Pierre Letouzey edited this page Oct 27, 2017 · 11 revisions

We want to formalise the following Haskell implementation of quicksort algorithm in Coq:

quicksort :: (Ord a) => [a] -> [a]
quicksort []           = []
quicksort (pivot:rest) = quicksort [y | y <- rest, y < pivot] ++
                                        [pivot] ++
                                        quicksort [y | y <- rest, pivot <= y]

We will use the method known as the recursion on an ad hoc predicate. This is a method for defining general recursive functions based on InductiveDomainPredicate paradigm. We define the algorithm on integers, the generalisation to a generic ordered type being trivial.

First we need to formalise the main component of quicksort which is the list comprehension function. It is possible to formalise the general case of MonadicListComprehension but here we only define the instance that we need:

Definition is_decidable (A:Set) (P:A->Prop) := forall a, {P a} + {~(P a)}.
Fixpoint list_comprehension (A : Set) (l : list A) {struct l} : forall P : A -> Prop, is_decidable A P -> list A :=
  match l with
  | nil => fun (P : A -> Prop) (_ : is_decidable A P) => nil
  | x :: xs =>
      fun (P : A -> Prop) (H_dec : is_decidable A P) =>
      match H_dec x with
      | left _ => x :: list_comprehension A xs P H_dec
      | right _ => list_comprehension A xs P H_dec

It is easy to define the familiar notation for list comprehension (see TipsAndTricks):

Notation "[ e | b <- l , Hp ]" := (map (fun b:Z=> e) ((list_comprehension Z) l (fun b:Z=>_ ) Hp))  (at level 1).

Now we define the domain of the quicksort function as an inductive prediacte that lives in Prop:

Inductive is_sortable : list Z -> Prop :=
  | is_sortable_nil : forall l, l = nil -> is_sortable l
  | is_sortable_concat : forall (l:list Z) (pivot:Z) (rest:list Z), l = pivot::rest ->
                                                       is_sortable [ y | y <- rest , (Zlt_is_decidable pivot)] ->
                                                       is_sortable [ y | y <- rest , (Zle_is_decidable pivot)] ->
                                                       is_sortable (pivot::rest).

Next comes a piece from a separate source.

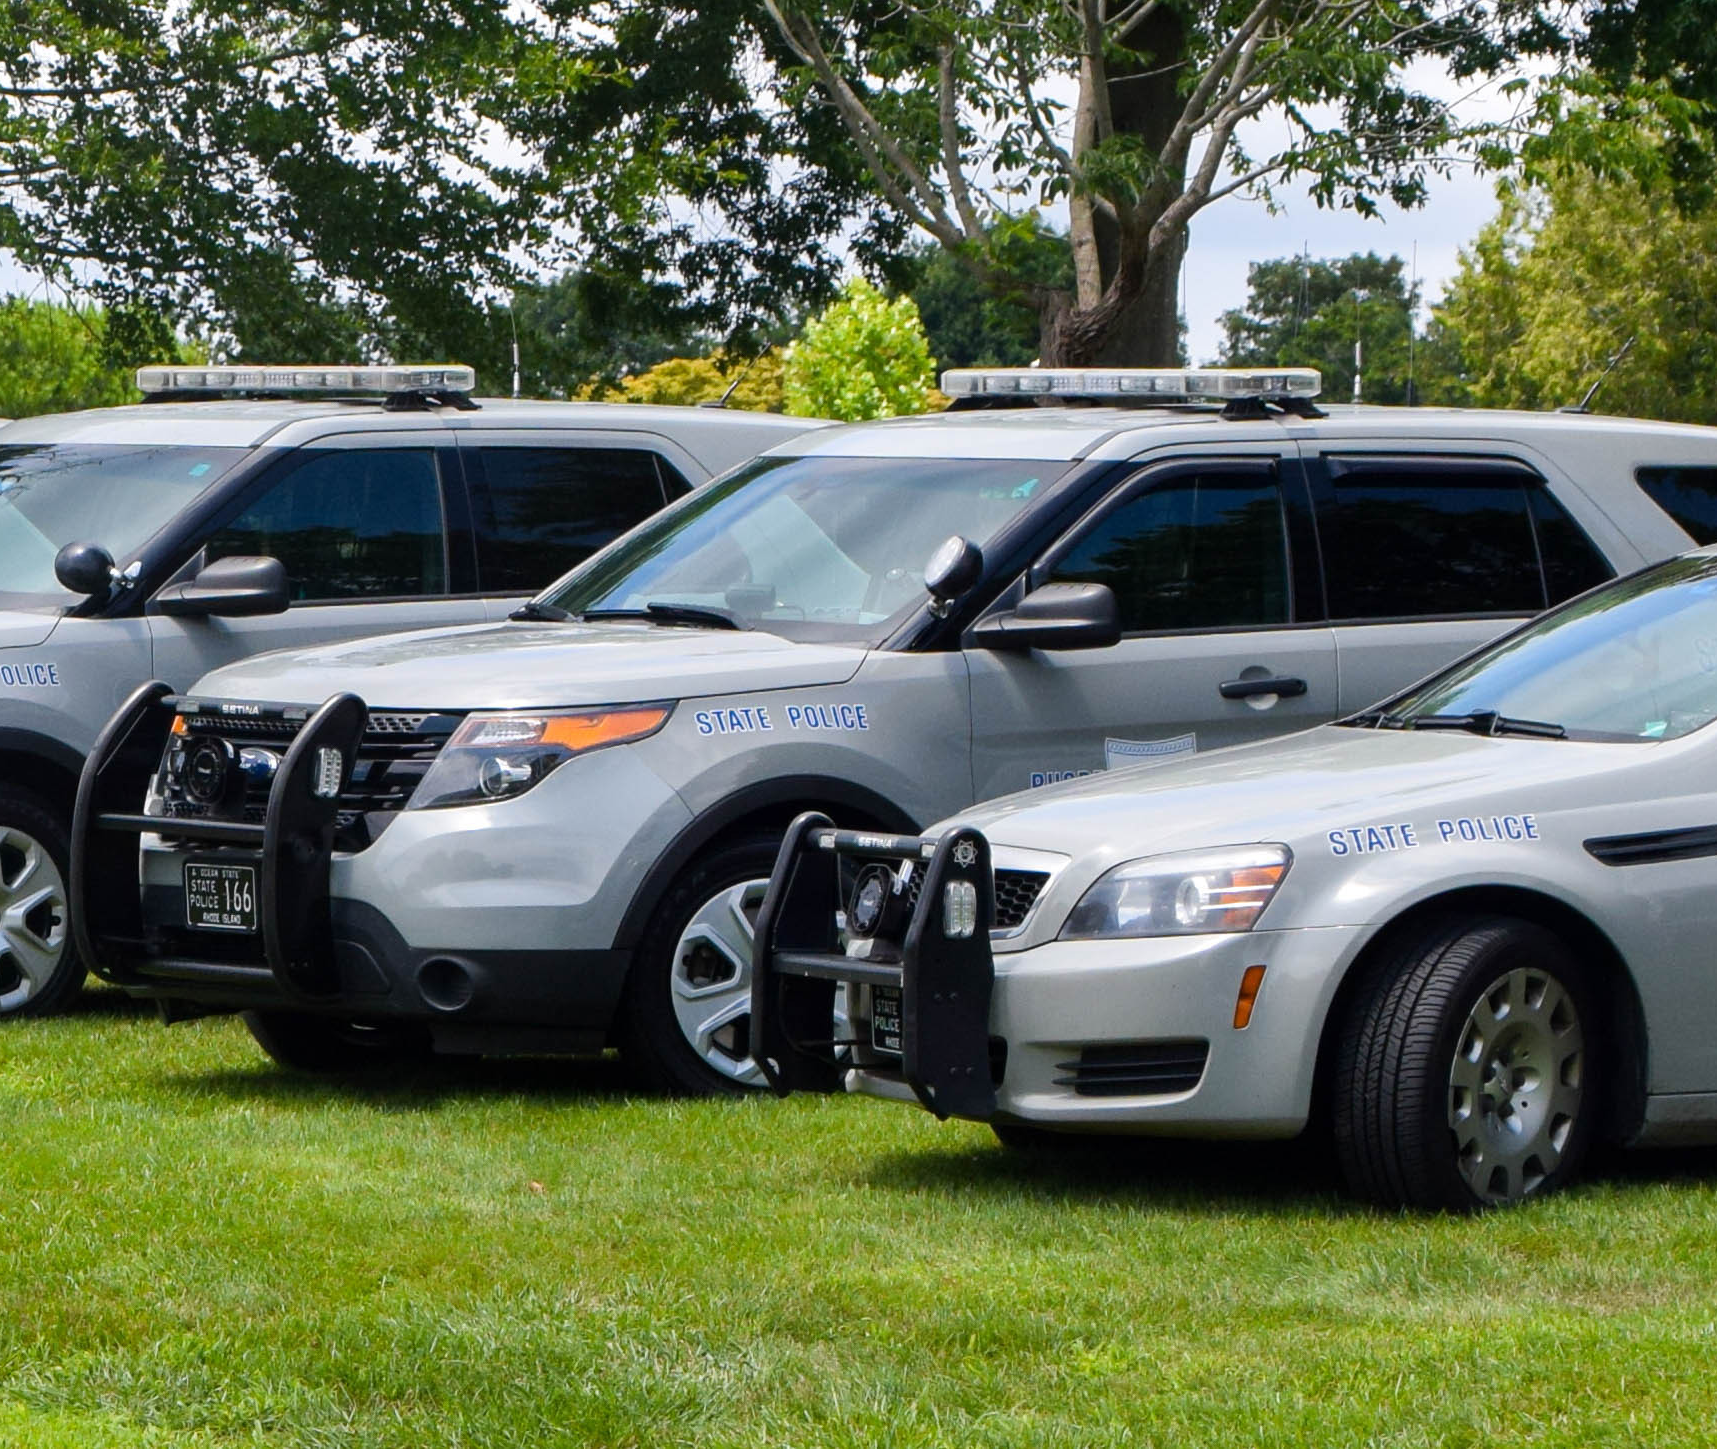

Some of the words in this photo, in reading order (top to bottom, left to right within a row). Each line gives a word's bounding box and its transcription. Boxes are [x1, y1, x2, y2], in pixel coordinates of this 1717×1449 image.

As it can be seen the predicate has two constructors, each corresponding to a branch of the Haskell definition.

Next we need to prove the inverse of the second constructor without using inversion. This constructor has two inverses, we prove both. Here is a possible proof:

Lemma is_sortable_concat_inv_1 : forall l pivot rest, is_sortable l -> l = pivot::rest -> is_sortable [ y | y <- rest , (Zlt_is_decidable pivot) ].
 simple destruct 1; [ intros l0 H0 H1 | intros l0 pivot0 rest0 H0 H1 H2 H3];
  apply False_ind;
  rewrite H0 in H1;
  replace pivot with pivot0;
  [ replace rest with rest0; trivial;
    change (tail (pivot0 :: rest0)=tail (pivot :: rest))
  | apply Some_inv;
    change (head (pivot0 :: rest0)=head (pivot :: rest))
  rewrite <- H3; trivial

The proof of second inversion lemma is identical to the first one:

Lemma is_sortable_concat_inv_2 : forall l pivot rest, is_sortable l -> l = pivot::rest -> is_sortable [ y | y <- rest , (Zle_is_decidable pivot) ].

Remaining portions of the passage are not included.